Secondary object types allow you to design a more complex schema. In a way the idea correlates to the concept of inheritance: they can be used to create property groups which can be referenced by other object types (e.g., documents or folders). Like other object types, a secondary object type itself can have references to properties. By referencing a secondary object type, the properties of the group will be "inherited" by the object type. In general, secondary object types are abstract and cannot be instantiated.

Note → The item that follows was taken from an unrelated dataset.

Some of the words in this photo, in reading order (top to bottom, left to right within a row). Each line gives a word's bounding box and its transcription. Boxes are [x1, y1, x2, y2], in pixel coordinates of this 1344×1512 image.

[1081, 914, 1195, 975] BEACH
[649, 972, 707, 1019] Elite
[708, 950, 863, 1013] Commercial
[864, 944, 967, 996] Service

Folder Object Type Definition

You define folders as structuring elements either in your global, tenant-specific or application schema. They do not have their own content files in contrast to document object types and cannot be set up in a hierarchical structure  a folder inside a folder is not allowed. (As of version 2.4, a folder hierarchy will be possible.) Folders allow the grouping of multiple documents and have their own metadata which will not be inherited by the assigned documents. Similar to a document object type a folder can reference a secondary object type's property group. The properties can be used as regular properties on folder level. Folders with documents assigned to them cannot be deleted.

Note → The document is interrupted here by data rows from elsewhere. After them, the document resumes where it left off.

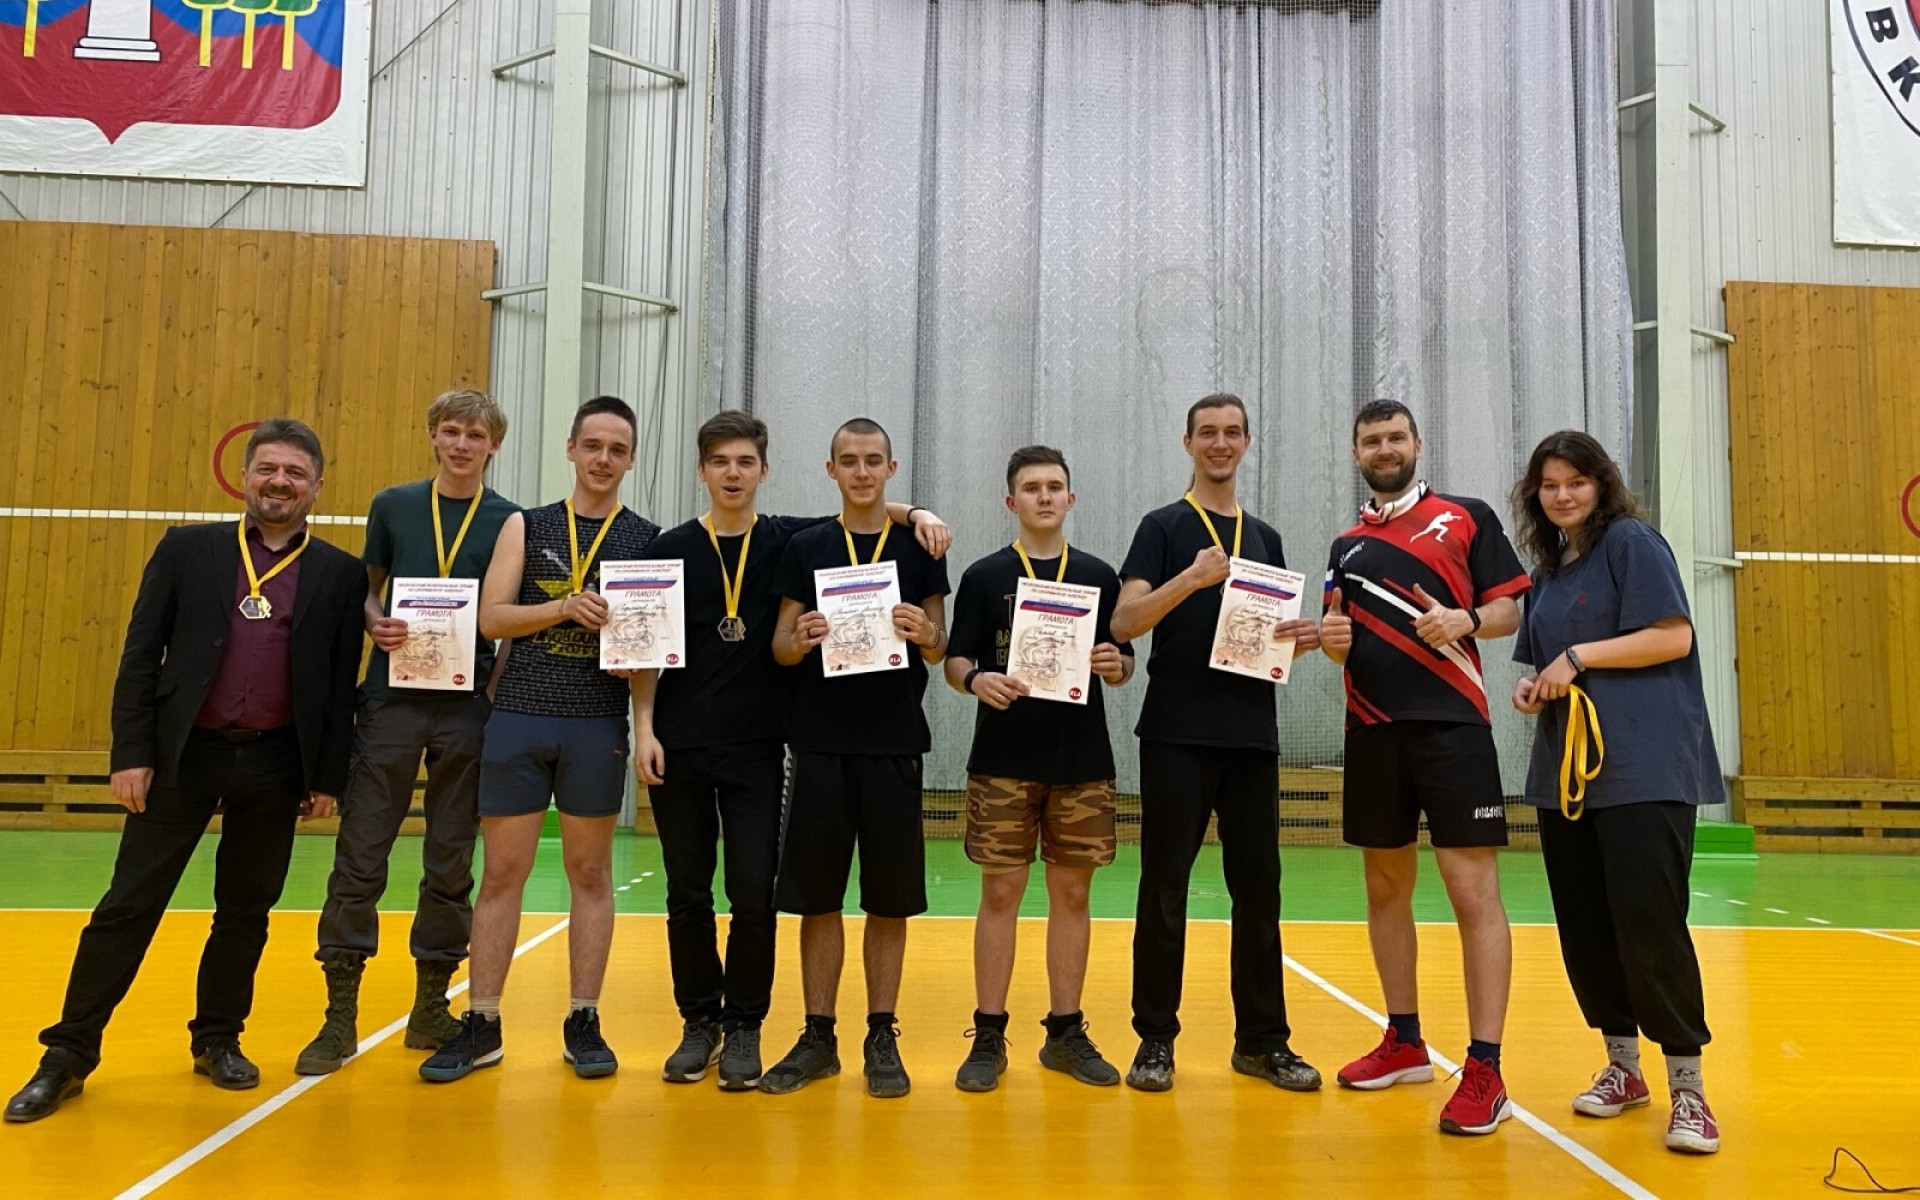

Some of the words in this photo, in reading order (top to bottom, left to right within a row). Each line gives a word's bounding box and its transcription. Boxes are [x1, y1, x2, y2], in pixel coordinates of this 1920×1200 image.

[624, 590, 662, 598] ГРАМОТА
[841, 592, 878, 602] ГРАМОТА
[1246, 593, 1281, 607] ГРАМОТА
[416, 610, 452, 618] ГРАМОТА
[1037, 613, 1074, 625] ГРАМОТА

The document object types are the elementary object types of your schema in which the "real" content is stored. During import or update of a document the object ID of the target folder is provided as the new object's parent ID (system:parentId). Actions such as assigning documents, moving them to or removing them from a folder can easily be carried out in this way. A validation takes place and checks whether the given ID is a folder and does exist.  By assigning documents to a configured folder you set an exact filing location and ensure a "tidy" storage of documents within your repository – if needed for your use case.
(OKTO-4091 | OKTO-3688)

Classification Attribute for Property Definition

When defining the set of properties for your object type additional attributes are available per property. For further processing  e.g., for the presentation and validation in the client  a <classification> attribute can be added. It classifies the property further and you could for example classify string properties as 'phone', 'email' or 'url'. The client can use this information to present the content in an appropriate way and can validate the user's input via regular expressions if wanted.
(
OKTO-3758)

Webhooks - Manipulating Metadata

System hooks (AMQP Hooks and Webhooks) are functions that apply to core functions of the yuuvis® Momentum API whenever certain conditions are met and that extend or modify those functions. As such, they serve as a modular, external approach for the introduction of new functionalities as extensions of already existing ones. A webhook extends the function by an HTTP call. Whenever the condition is true, an optional HTTP call to a web URL is performed.

For the manipulation of an object's metadata upon the first import, we introduced a new POST webhook type dms.request.import.storage.before.  For this call, the metadata of the CONTENTANALYZER service is available for the object to be imported. The call takes place just before the object is going to be filed in the repository. You configure the webhook for the entire system and not on tenant level.